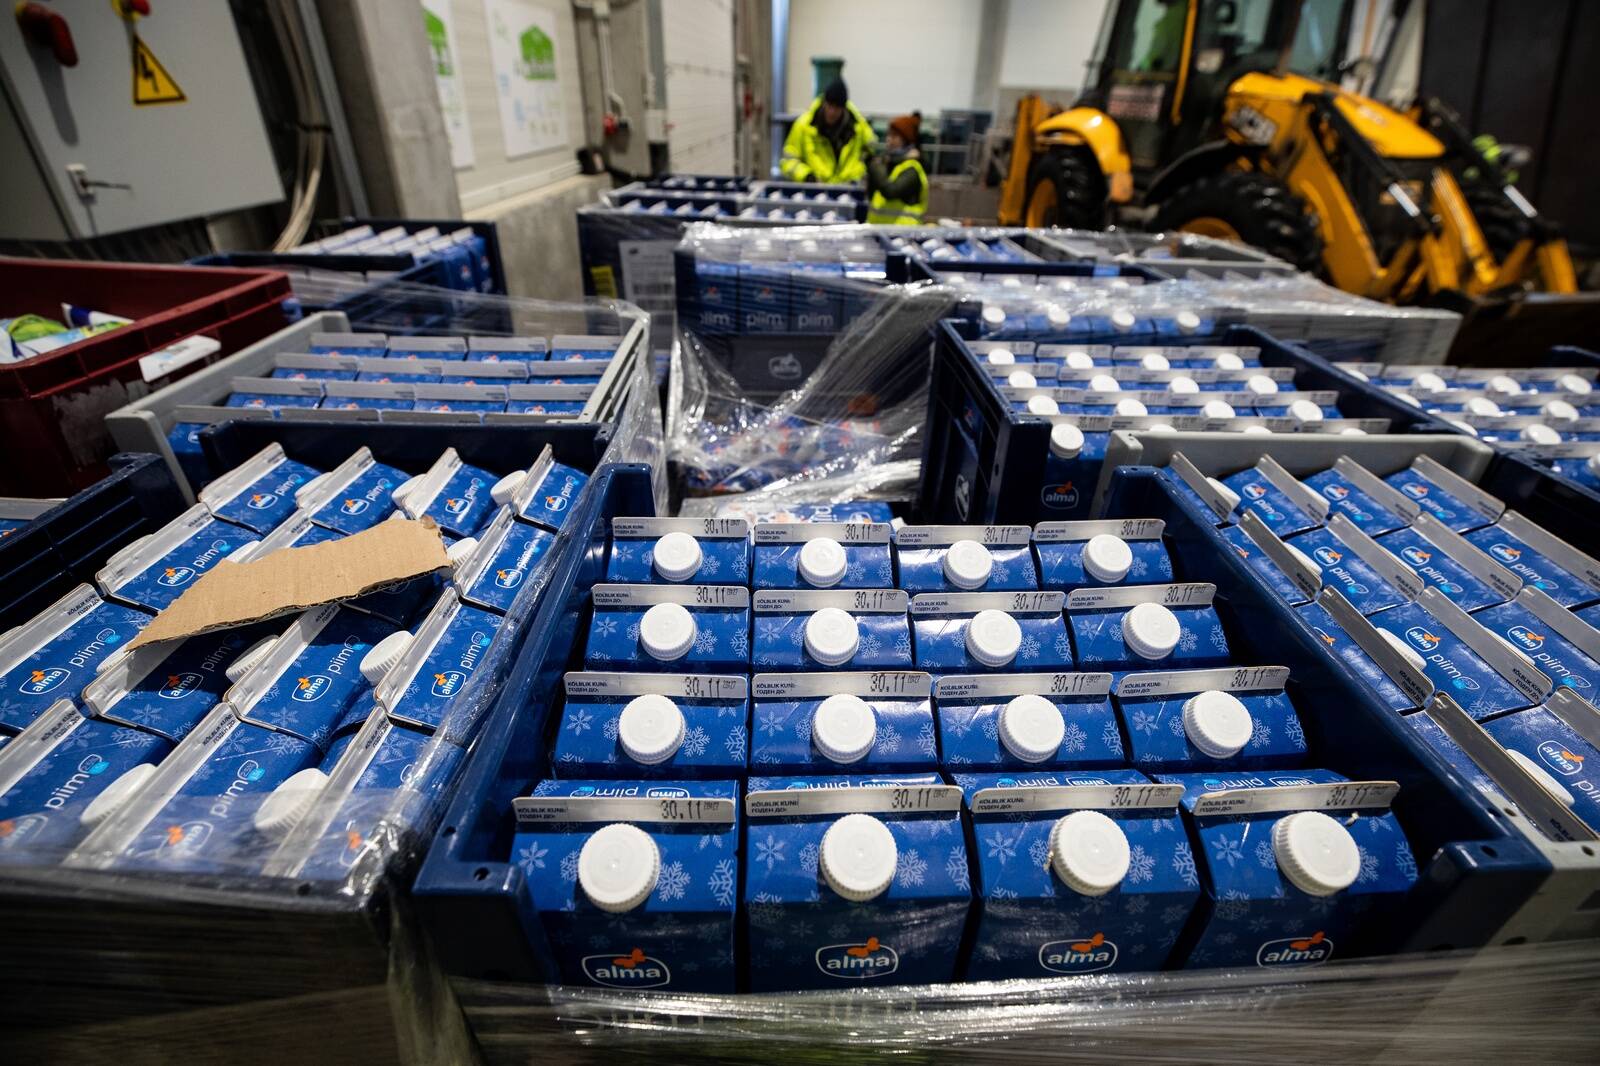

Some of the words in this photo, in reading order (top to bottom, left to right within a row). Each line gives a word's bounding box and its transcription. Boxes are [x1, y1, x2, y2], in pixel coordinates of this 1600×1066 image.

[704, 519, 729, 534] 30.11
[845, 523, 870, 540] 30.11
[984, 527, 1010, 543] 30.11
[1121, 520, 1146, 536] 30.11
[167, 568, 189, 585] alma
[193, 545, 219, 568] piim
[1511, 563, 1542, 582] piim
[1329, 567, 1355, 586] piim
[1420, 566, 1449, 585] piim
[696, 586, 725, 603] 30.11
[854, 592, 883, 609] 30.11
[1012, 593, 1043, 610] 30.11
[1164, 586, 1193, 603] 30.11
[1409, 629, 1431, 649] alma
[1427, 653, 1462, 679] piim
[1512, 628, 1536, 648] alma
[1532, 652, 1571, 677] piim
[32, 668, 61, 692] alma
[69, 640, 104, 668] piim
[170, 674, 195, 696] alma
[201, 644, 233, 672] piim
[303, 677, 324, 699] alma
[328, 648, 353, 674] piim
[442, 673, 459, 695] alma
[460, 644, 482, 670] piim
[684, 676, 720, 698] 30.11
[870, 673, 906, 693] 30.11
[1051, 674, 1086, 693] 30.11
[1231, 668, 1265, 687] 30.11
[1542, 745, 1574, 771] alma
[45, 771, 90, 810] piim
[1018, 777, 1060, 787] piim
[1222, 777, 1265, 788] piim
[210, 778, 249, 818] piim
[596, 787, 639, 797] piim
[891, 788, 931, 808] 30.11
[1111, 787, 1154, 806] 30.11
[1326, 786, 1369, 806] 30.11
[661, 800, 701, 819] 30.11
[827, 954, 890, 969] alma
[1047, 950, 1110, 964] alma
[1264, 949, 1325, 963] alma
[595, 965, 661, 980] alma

_____

» EXERCISE GOAL: Repeat the data word for word, excluding any image.

» RESULT FOR THIS TASK:
Some of the words in this photo, in reading order (top to bottom, left to right within a row). Each line gives a word's bounding box and its transcription. Boxes are [x1, y1, x2, y2], in pixel coordinates of this 1600×1066 image.

[704, 519, 729, 534] 30.11
[845, 523, 870, 540] 30.11
[984, 527, 1010, 543] 30.11
[1121, 520, 1146, 536] 30.11
[167, 568, 189, 585] alma
[193, 545, 219, 568] piim
[1511, 563, 1542, 582] piim
[1329, 567, 1355, 586] piim
[1420, 566, 1449, 585] piim
[696, 586, 725, 603] 30.11
[854, 592, 883, 609] 30.11
[1012, 593, 1043, 610] 30.11
[1164, 586, 1193, 603] 30.11
[1409, 629, 1431, 649] alma
[1427, 653, 1462, 679] piim
[1512, 628, 1536, 648] alma
[1532, 652, 1571, 677] piim
[32, 668, 61, 692] alma
[69, 640, 104, 668] piim
[170, 674, 195, 696] alma
[201, 644, 233, 672] piim
[303, 677, 324, 699] alma
[328, 648, 353, 674] piim
[442, 673, 459, 695] alma
[460, 644, 482, 670] piim
[684, 676, 720, 698] 30.11
[870, 673, 906, 693] 30.11
[1051, 674, 1086, 693] 30.11
[1231, 668, 1265, 687] 30.11
[1542, 745, 1574, 771] alma
[45, 771, 90, 810] piim
[1018, 777, 1060, 787] piim
[1222, 777, 1265, 788] piim
[210, 778, 249, 818] piim
[596, 787, 639, 797] piim
[891, 788, 931, 808] 30.11
[1111, 787, 1154, 806] 30.11
[1326, 786, 1369, 806] 30.11
[661, 800, 701, 819] 30.11
[827, 954, 890, 969] alma
[1047, 950, 1110, 964] alma
[1264, 949, 1325, 963] alma
[595, 965, 661, 980] alma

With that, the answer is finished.